- How to complete this task:
The records that follow are to be given again exactly, with their pictures omitted.

Extracted data entries:
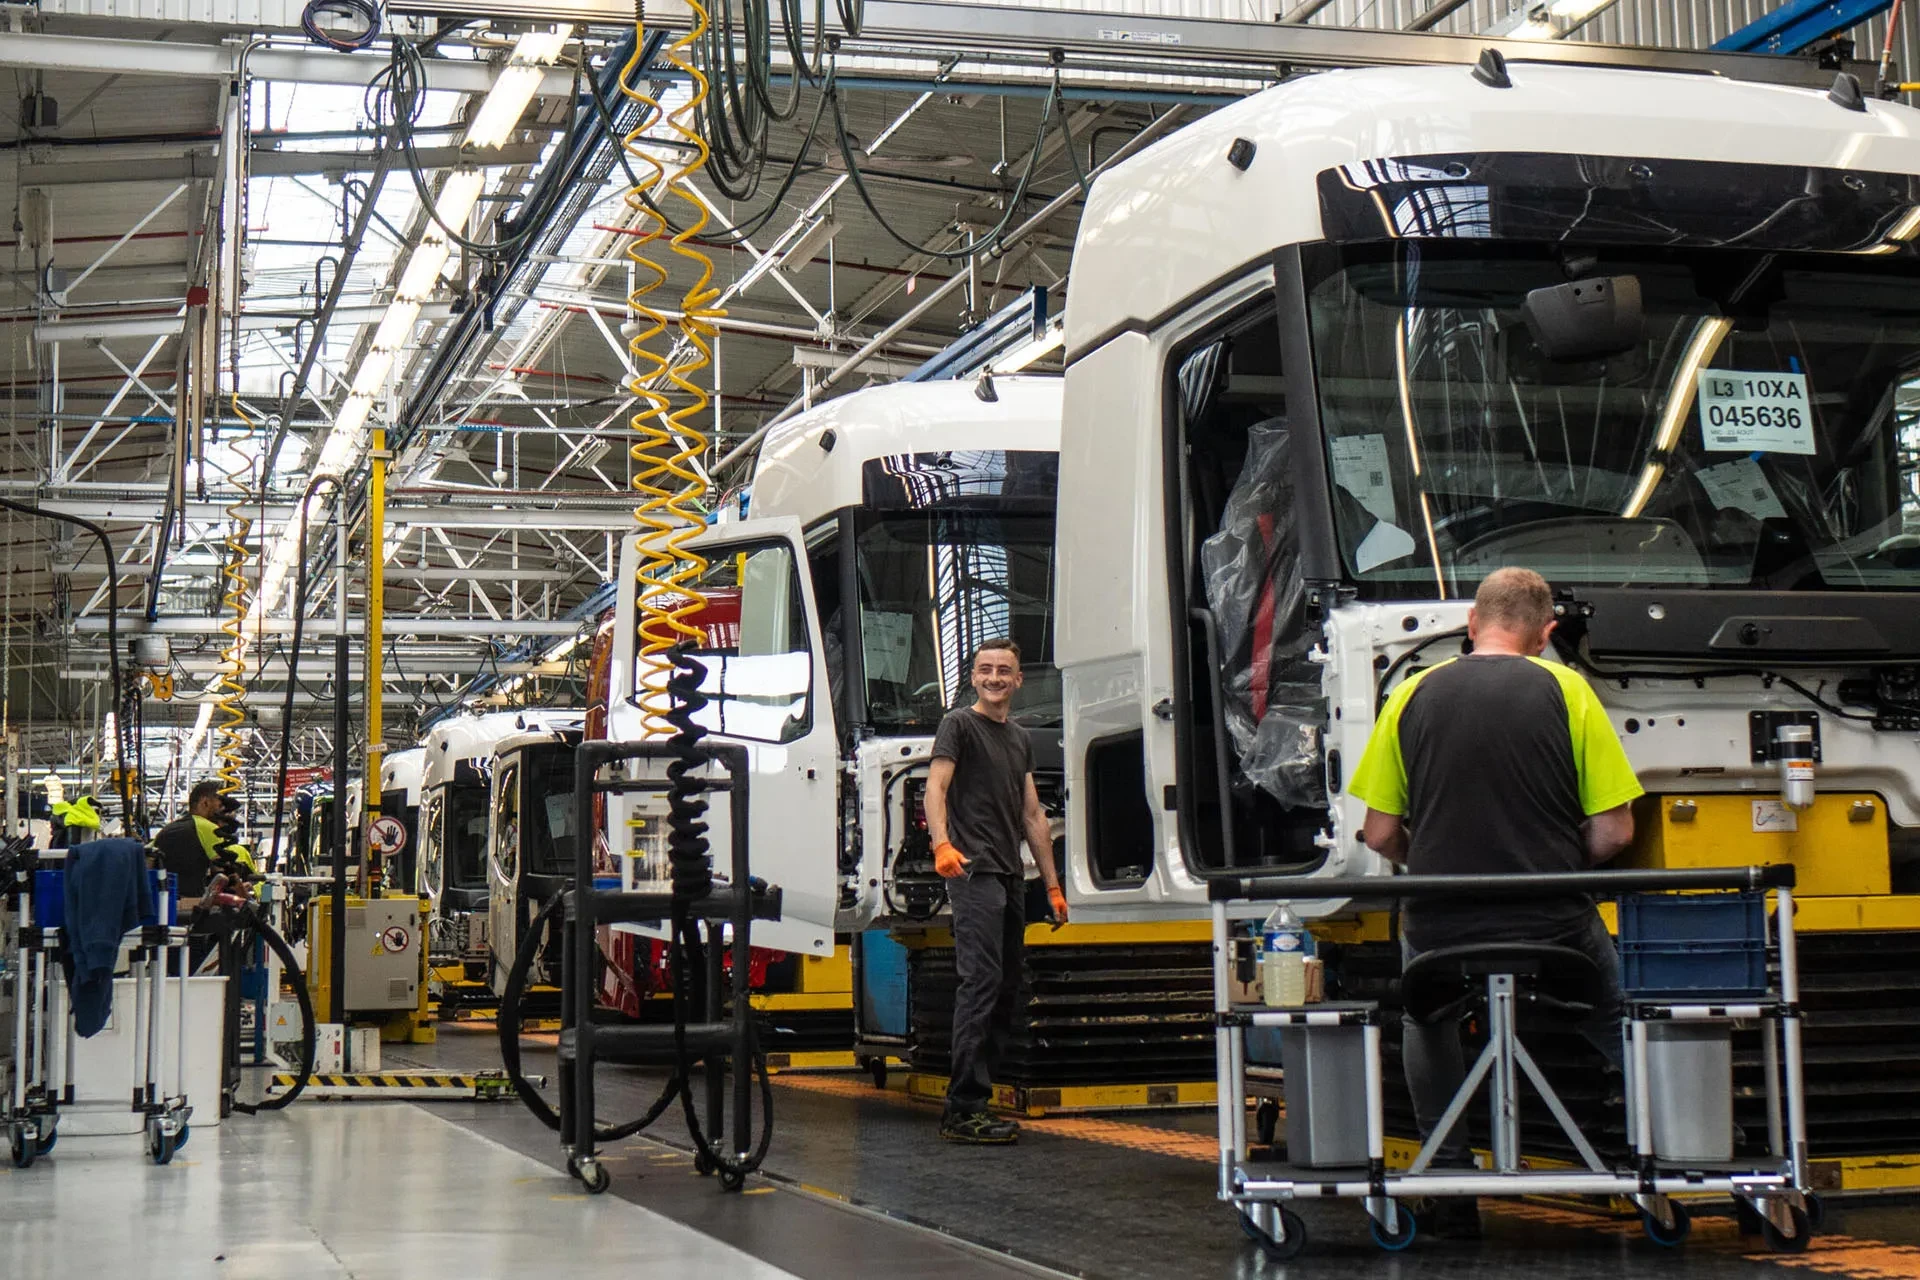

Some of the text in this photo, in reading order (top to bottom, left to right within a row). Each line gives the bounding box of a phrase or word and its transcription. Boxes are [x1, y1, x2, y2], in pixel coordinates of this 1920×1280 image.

[1713, 380, 1802, 399] L3 10XA
[1708, 405, 1802, 429] 045636
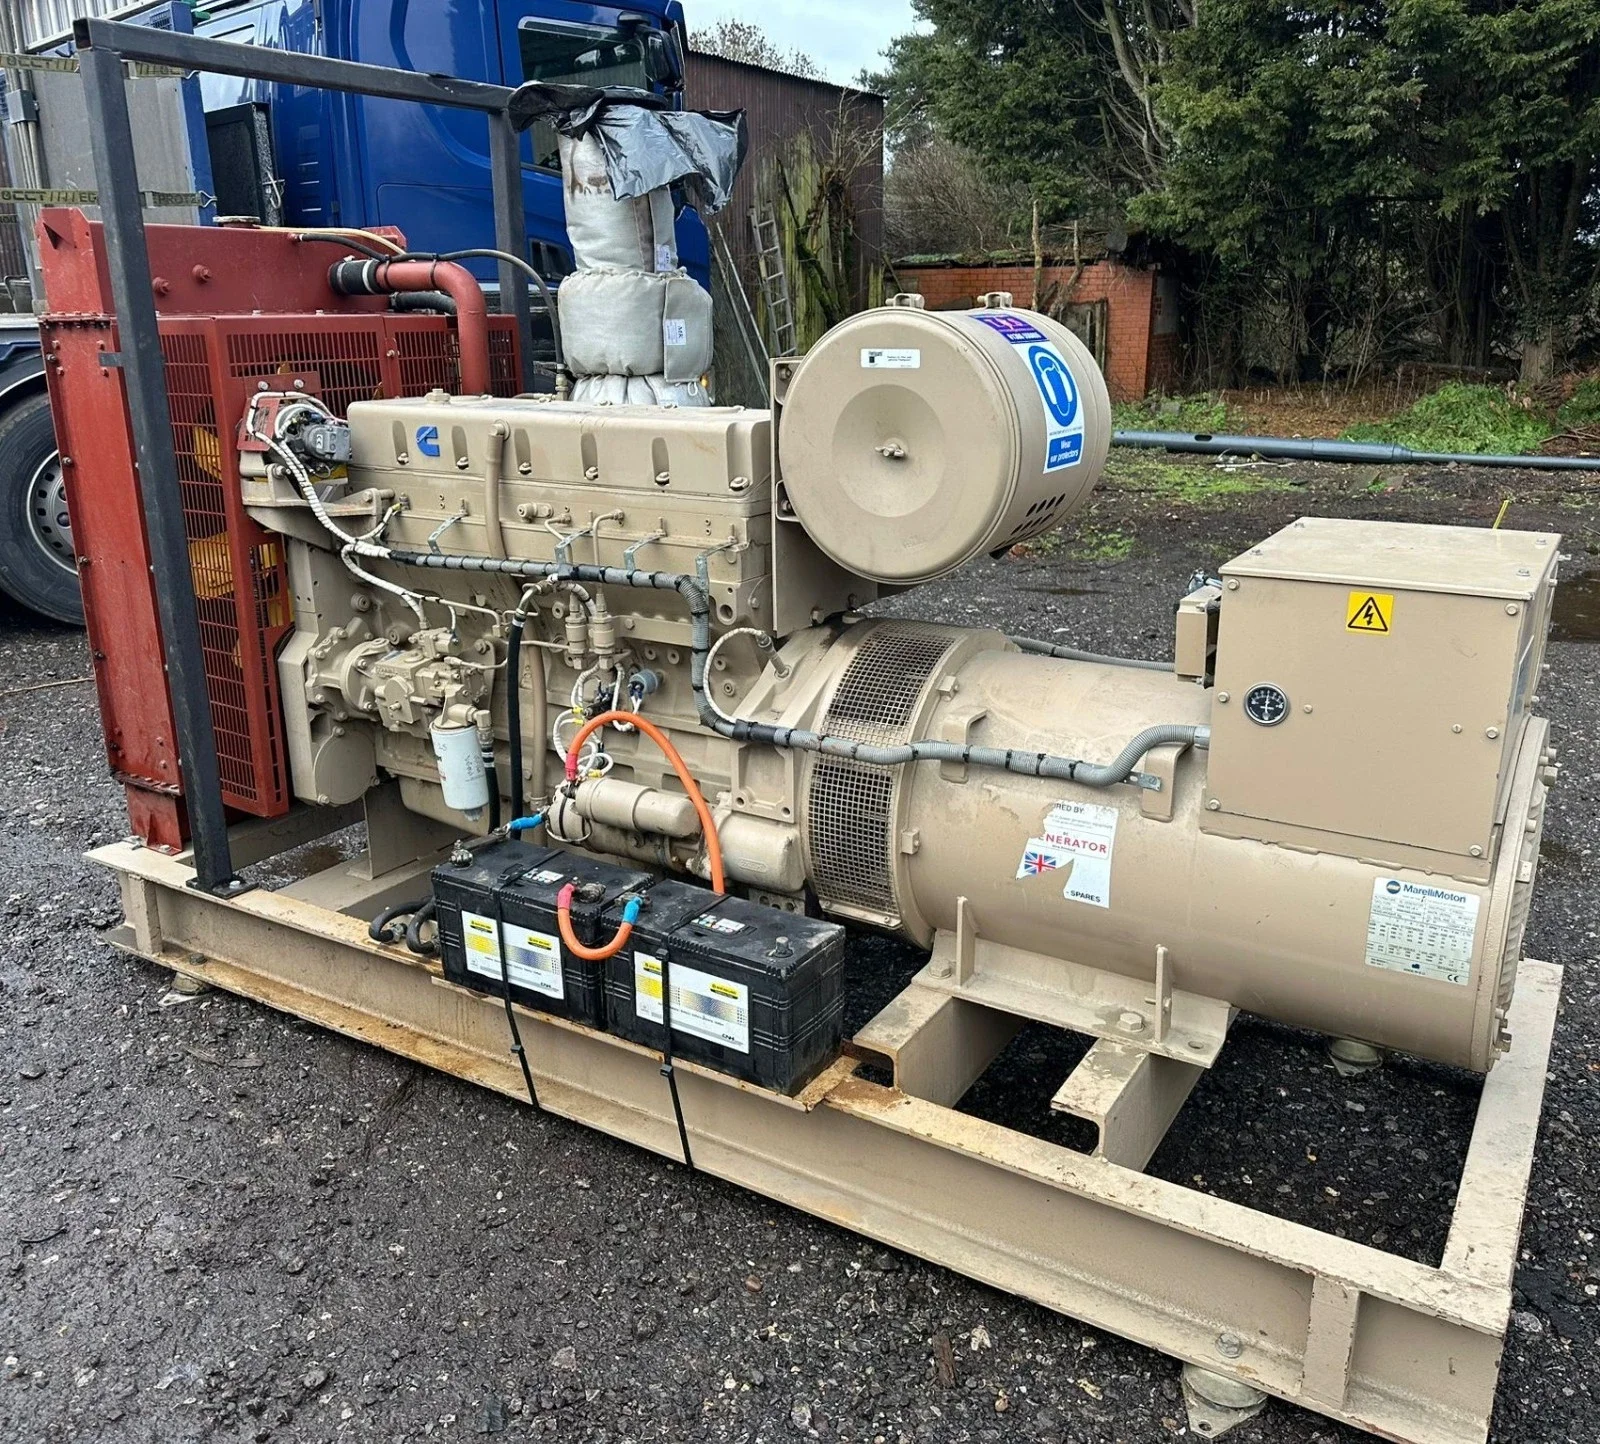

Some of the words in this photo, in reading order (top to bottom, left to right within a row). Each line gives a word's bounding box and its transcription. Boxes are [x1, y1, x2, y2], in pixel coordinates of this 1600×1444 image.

[1061, 439, 1072, 450] Wear
[1053, 802, 1072, 812] RED
[1070, 890, 1101, 903] SPARES

- Output for this task:
Some of the text in this photo, in reading order (top to bottom, left to right within a row). Each line gives the bounding box of a phrase or word and its transcription. Boxes are [x1, y1, x2, y2], in pixel coordinates of this 1920×1280 image.

[1713, 380, 1802, 399] L3 10XA
[1708, 405, 1802, 429] 045636

Some of the words in this photo, in reading order (top to bottom, left to right within a row). Each line gives a word's bounding box and its transcription. Boxes are [x1, y1, x2, y2], in pixel coordinates of this 1600×1444 image.

[1061, 439, 1072, 450] Wear
[1053, 802, 1072, 812] RED
[1070, 890, 1101, 903] SPARES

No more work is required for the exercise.